____ Entries supplied
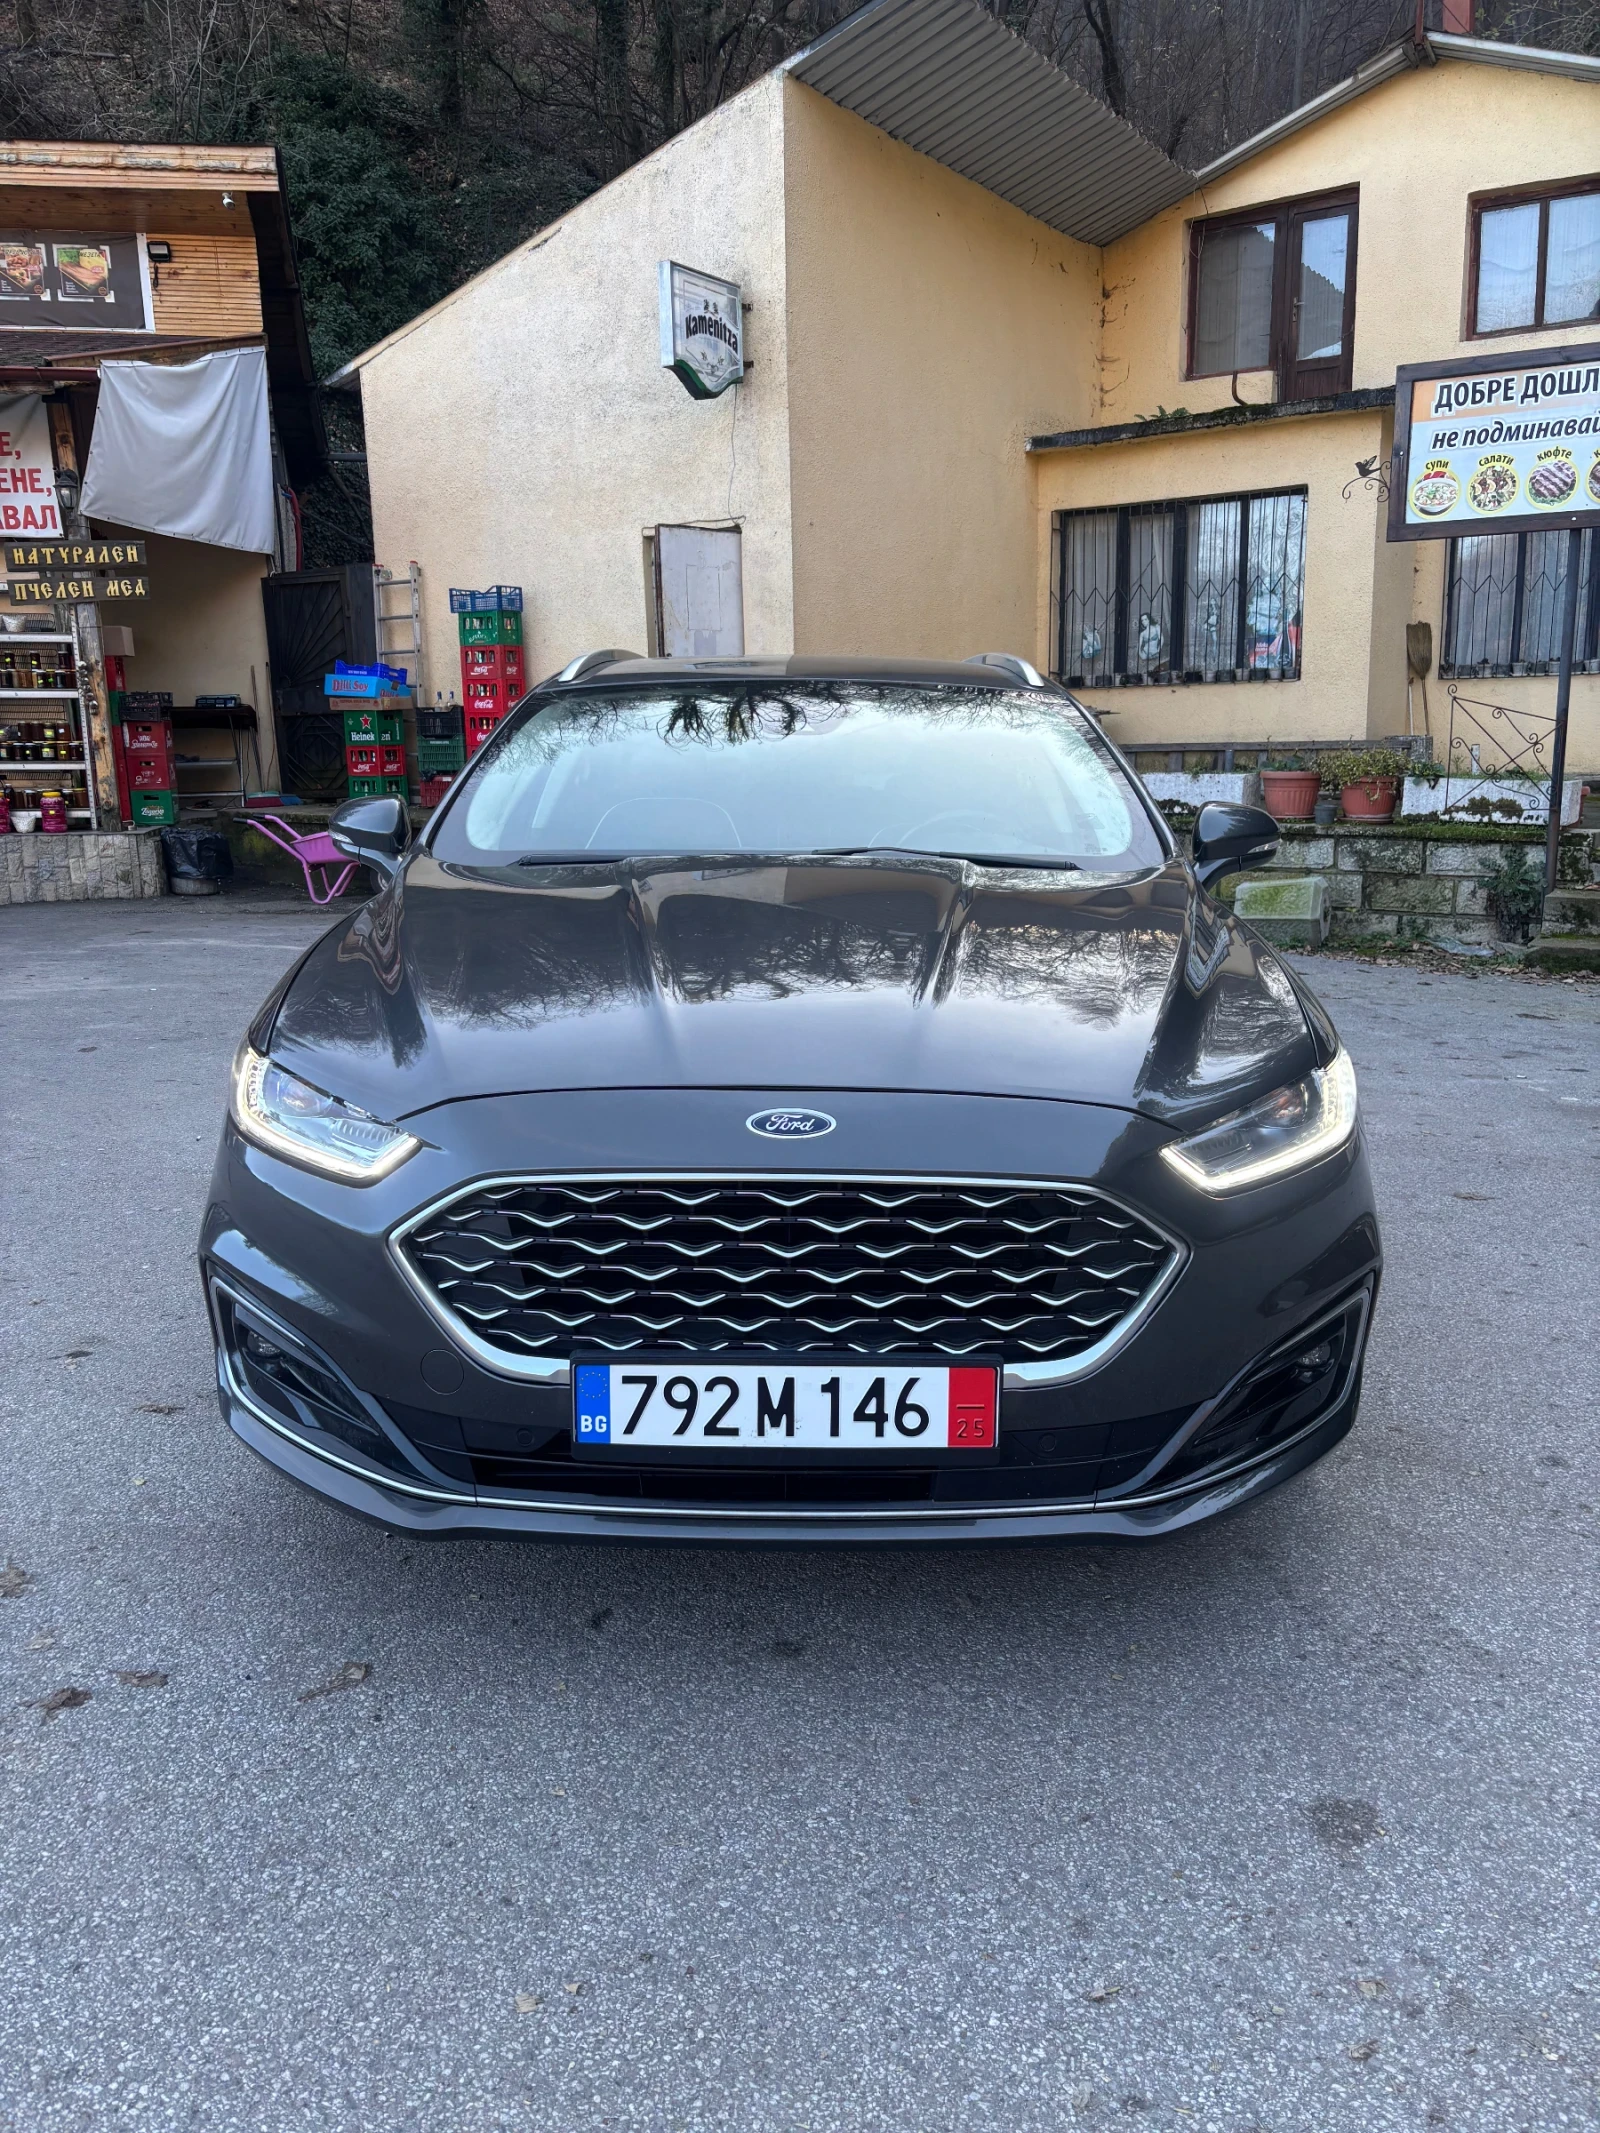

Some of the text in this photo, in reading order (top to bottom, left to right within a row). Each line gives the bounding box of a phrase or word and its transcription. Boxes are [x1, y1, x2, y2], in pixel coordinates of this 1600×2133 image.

[685, 314, 739, 352] Kamenitza
[1434, 377, 1515, 414] ДОБРЕ
[1431, 430, 1458, 450] не
[1478, 454, 1514, 467] салати
[1536, 446, 1572, 462] кюфте
[1425, 460, 1449, 471] супи
[0, 505, 58, 530] ВАЛ
[12, 545, 139, 565] НАТУРАЛЕН
[14, 578, 146, 600] ПЧЕЛЕН МЕД
[765, 1114, 815, 1132] Ford
[580, 1415, 608, 1434] BG
[956, 1418, 986, 1439] 25
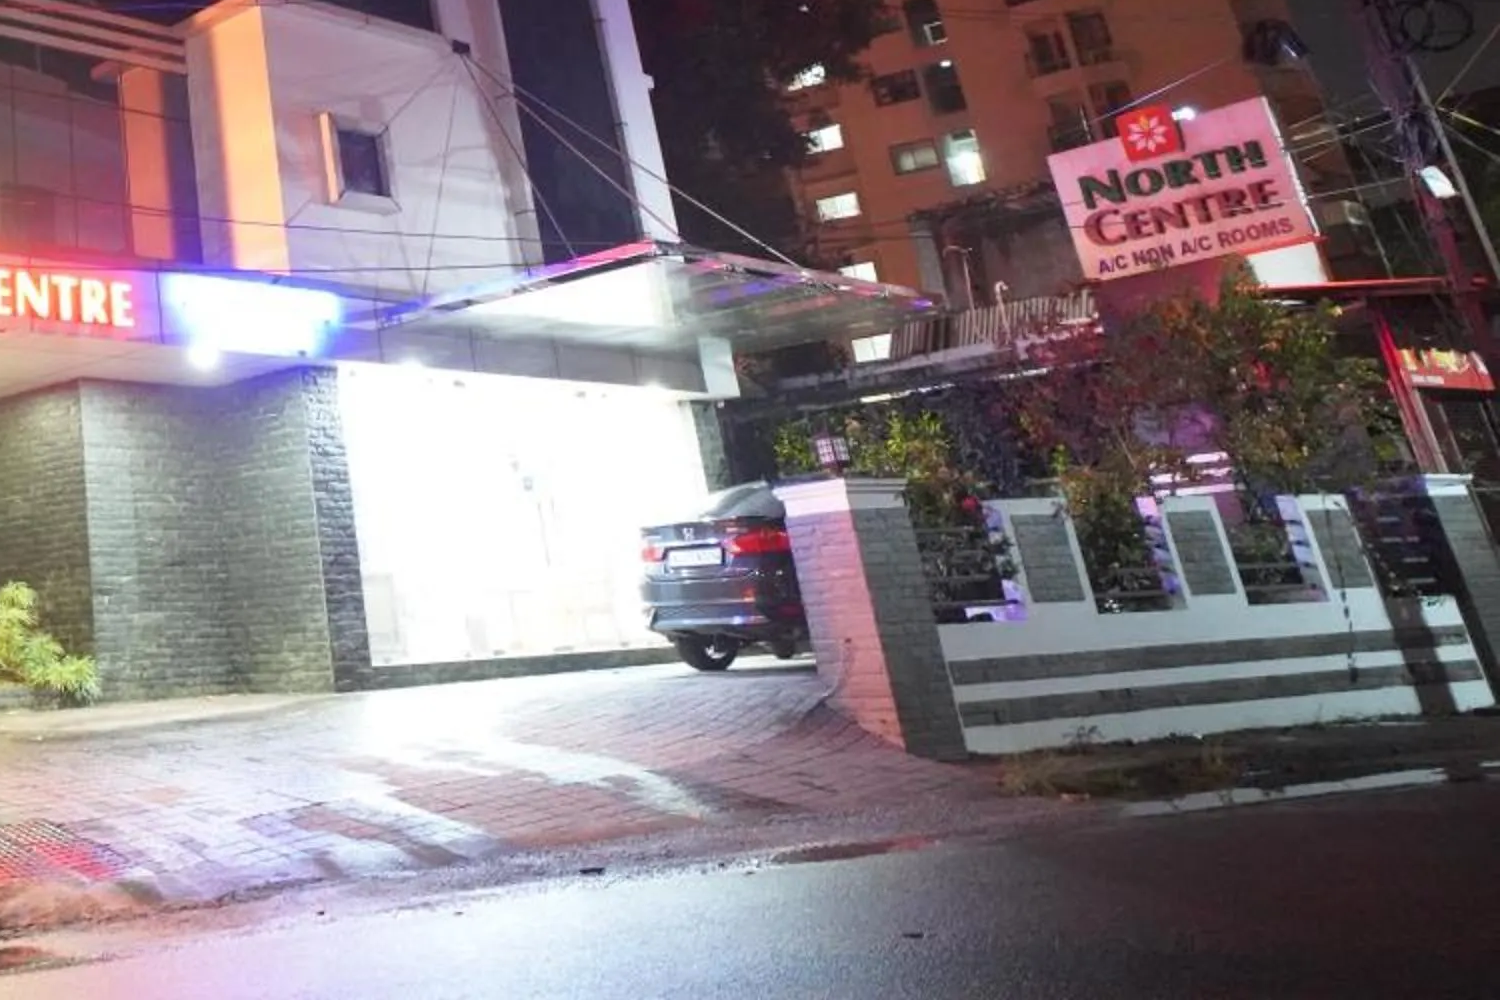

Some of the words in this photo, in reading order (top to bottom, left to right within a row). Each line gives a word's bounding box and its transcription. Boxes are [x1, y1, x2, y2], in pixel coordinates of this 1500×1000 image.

[1077, 139, 1269, 210] NORTH
[1083, 179, 1285, 247] CENTRE
[1098, 253, 1129, 274] A/C
[1180, 235, 1213, 257] A/C
[1217, 217, 1295, 249] ROOMS
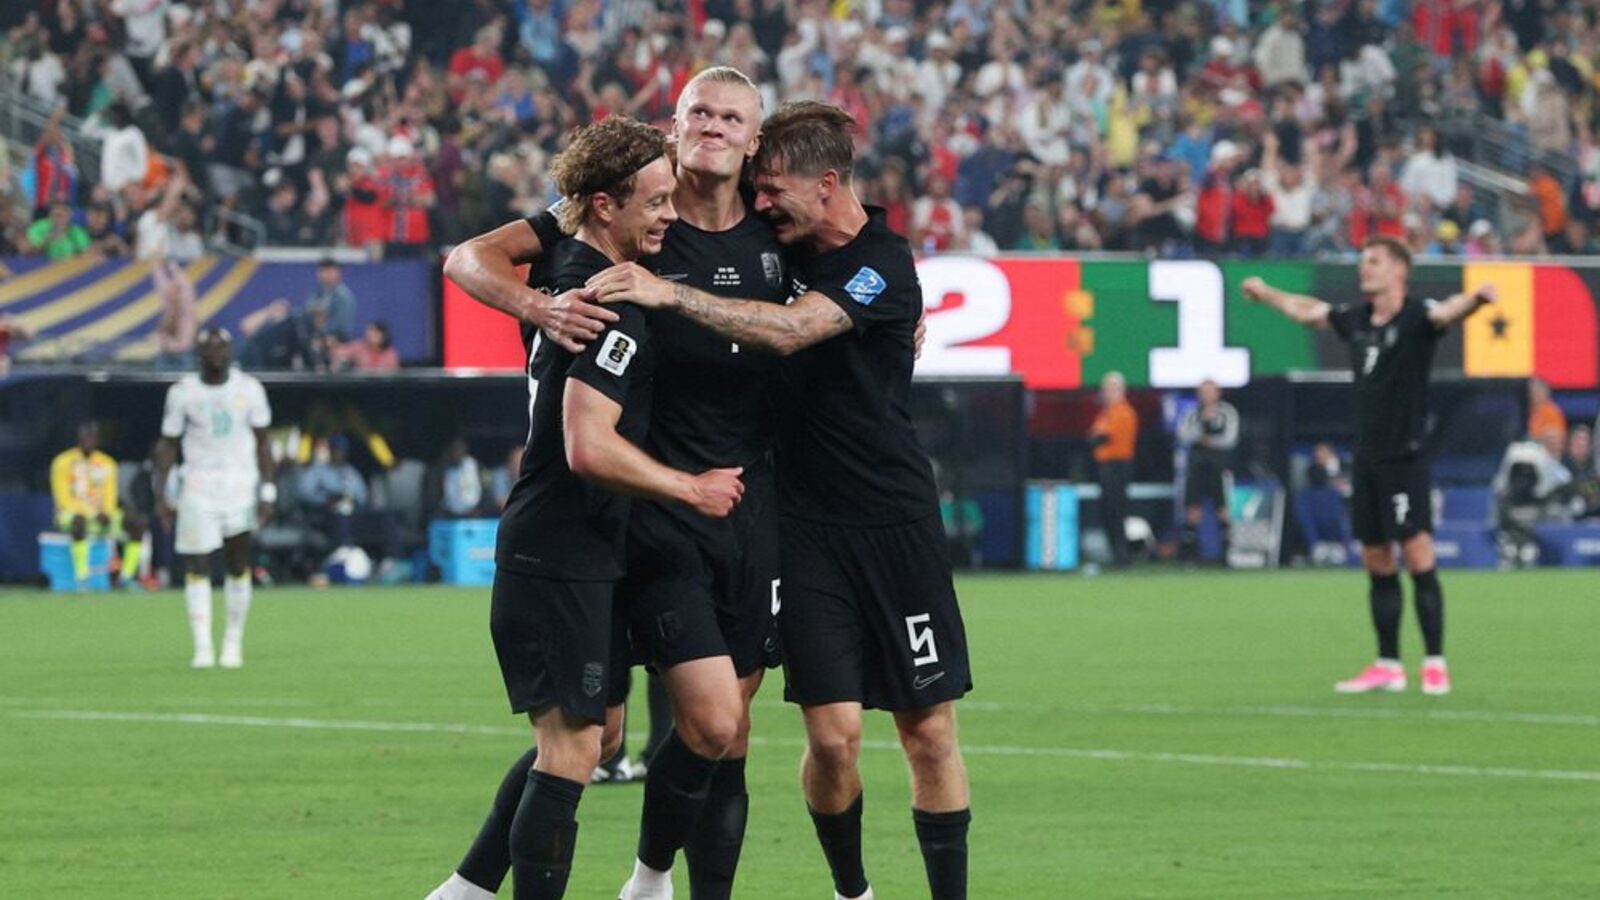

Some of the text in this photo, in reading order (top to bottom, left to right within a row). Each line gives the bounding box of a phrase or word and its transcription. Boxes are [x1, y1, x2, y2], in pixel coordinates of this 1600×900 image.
________
» **Aim of the task**: Return every entry above word for word, leaving pictures out.

» **Response for this exercise**:
Some of the text in this photo, in reading order (top to bottom, left to right within a row). Each line gives the bounding box of a phrase or word and its transcription. Boxes are [x1, y1, x2, y2], in pixel coordinates of this 1600×2133 image.

[685, 314, 739, 352] Kamenitza
[1434, 377, 1515, 414] ДОБРЕ
[1431, 430, 1458, 450] не
[1478, 454, 1514, 467] салати
[1536, 446, 1572, 462] кюфте
[1425, 460, 1449, 471] супи
[0, 505, 58, 530] ВАЛ
[12, 545, 139, 565] НАТУРАЛЕН
[14, 578, 146, 600] ПЧЕЛЕН МЕД
[765, 1114, 815, 1132] Ford
[580, 1415, 608, 1434] BG
[956, 1418, 986, 1439] 25

Some of the words in this photo, in reading order (top to bottom, left to right within a row). Each line gives a word's bounding box and its transcription. Boxes are [x1, y1, x2, y2], in pixel coordinates of this 1500×1000 image.

[1077, 139, 1269, 210] NORTH
[1083, 179, 1285, 247] CENTRE
[1098, 253, 1129, 274] A/C
[1180, 235, 1213, 257] A/C
[1217, 217, 1295, 249] ROOMS

Some of the text in this photo, in reading order (top to bottom, left to right within a row). Each line gives the bounding box of a phrase or word and its transcription. Boxes are [x1, y1, x2, y2], in pixel coordinates of this 1600×900 image.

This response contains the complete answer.